Exact copies of all the lines below are needed, without the pictures.
[[ The data, beginning ]]
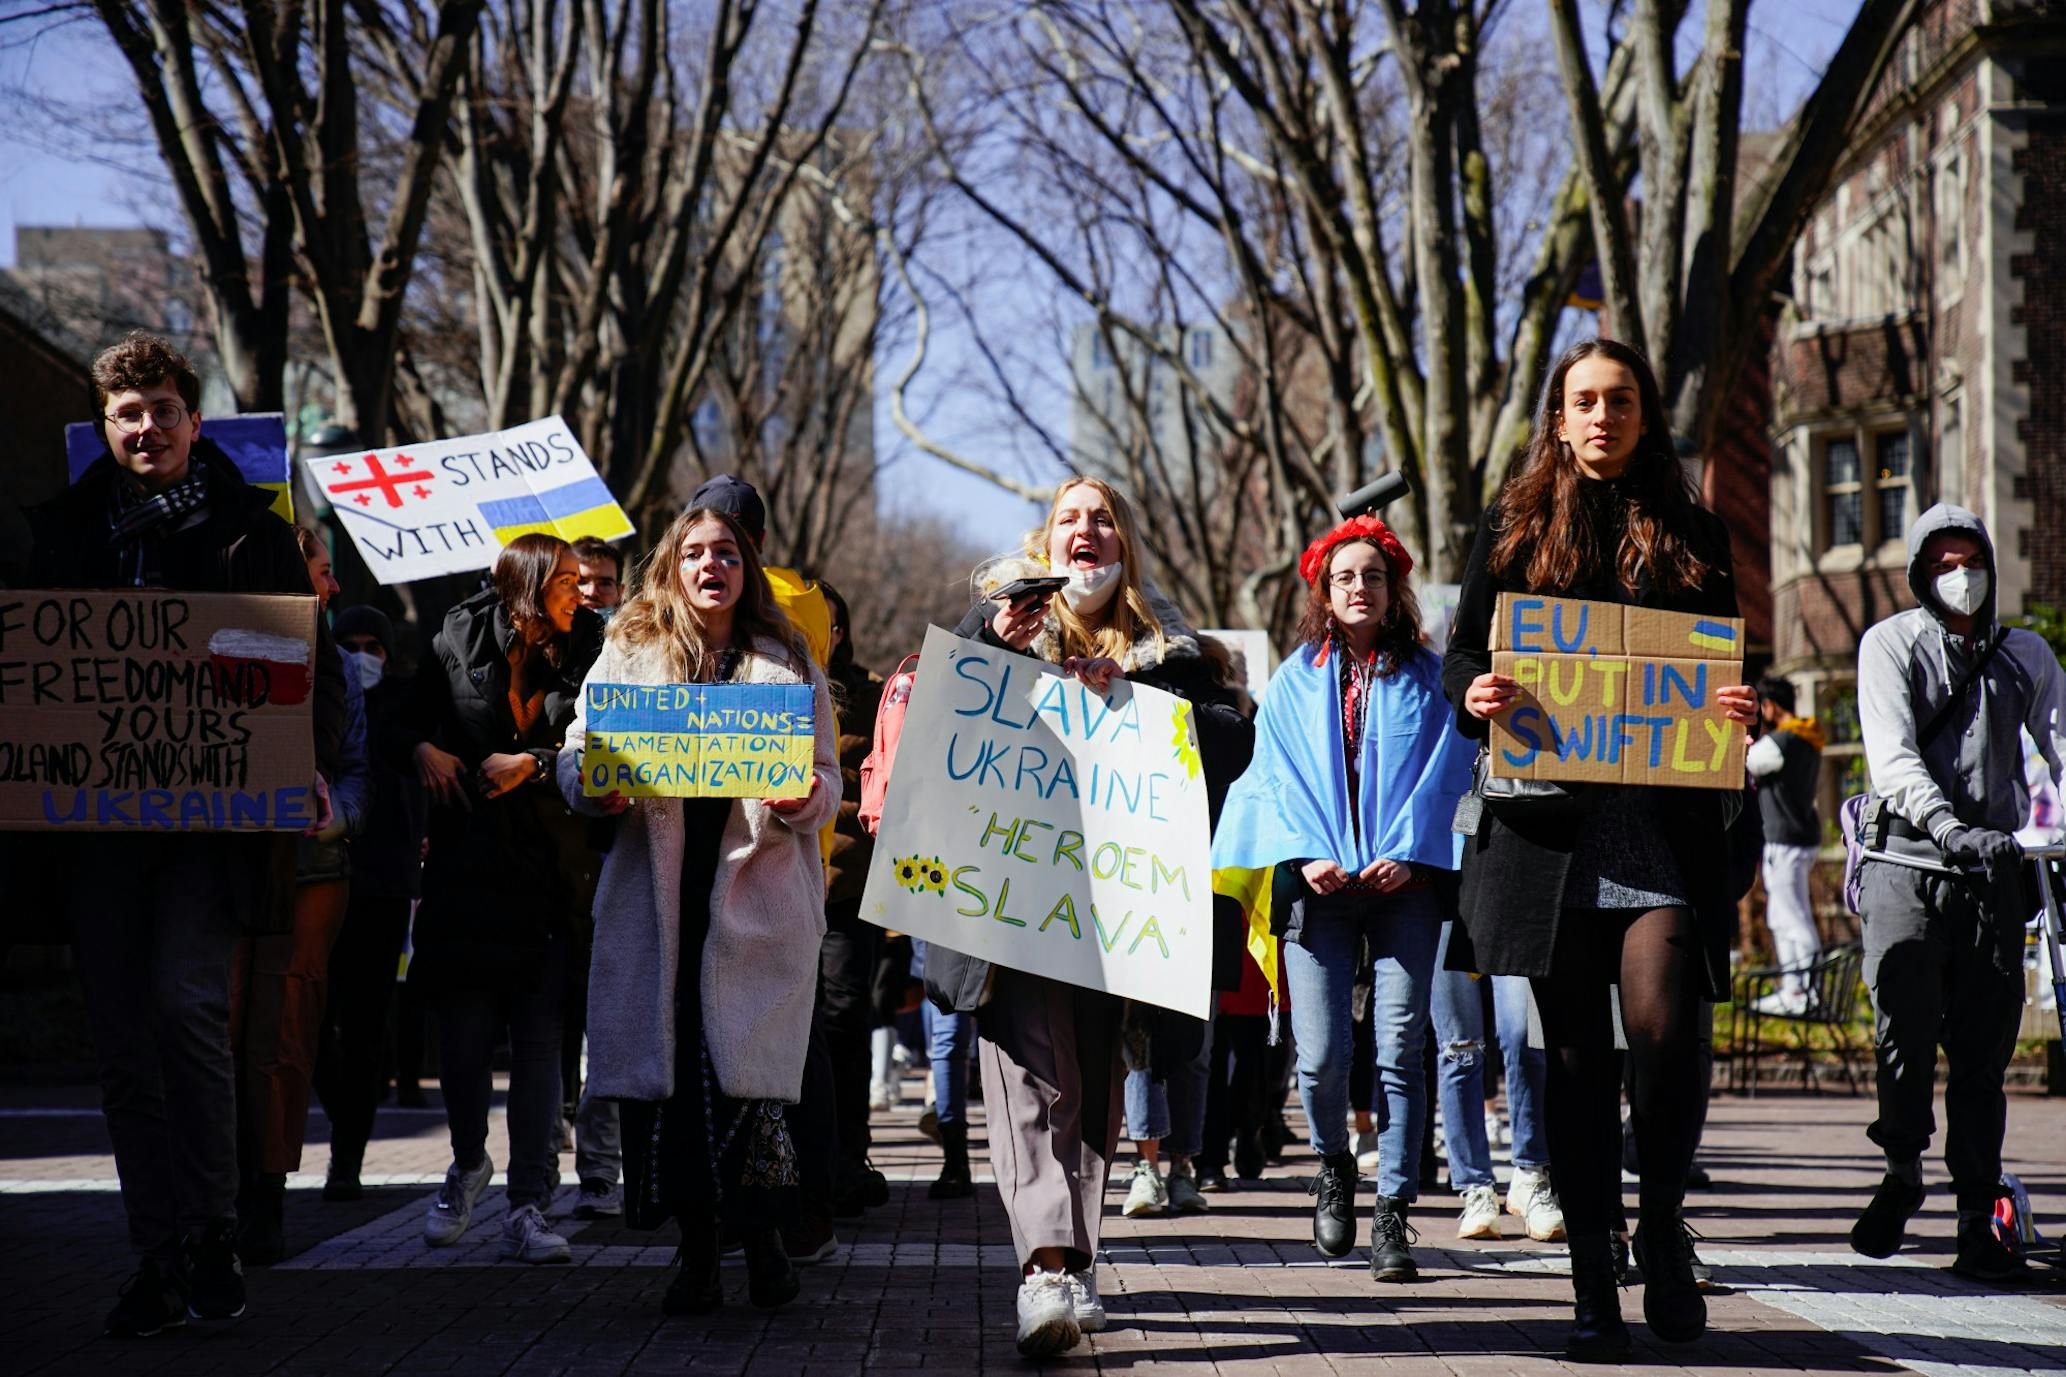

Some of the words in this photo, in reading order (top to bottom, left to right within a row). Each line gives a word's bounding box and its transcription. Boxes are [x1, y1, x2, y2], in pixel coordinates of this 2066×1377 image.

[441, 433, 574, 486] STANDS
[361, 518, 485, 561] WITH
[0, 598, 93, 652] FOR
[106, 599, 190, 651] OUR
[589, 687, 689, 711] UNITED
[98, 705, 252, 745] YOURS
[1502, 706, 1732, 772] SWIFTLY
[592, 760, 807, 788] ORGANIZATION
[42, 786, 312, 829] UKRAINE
[[ The data, end ]]
Result →
Some of the words in this photo, in reading order (top to bottom, left to right within a row). Each line gives a word's bounding box and its transcription. Boxes are [x1, y1, x2, y2], in pixel coordinates of this 2066×1377 image.

[441, 433, 574, 486] STANDS
[361, 518, 485, 561] WITH
[0, 598, 93, 652] FOR
[106, 599, 190, 651] OUR
[589, 687, 689, 711] UNITED
[98, 705, 252, 745] YOURS
[1502, 706, 1732, 772] SWIFTLY
[592, 760, 807, 788] ORGANIZATION
[42, 786, 312, 829] UKRAINE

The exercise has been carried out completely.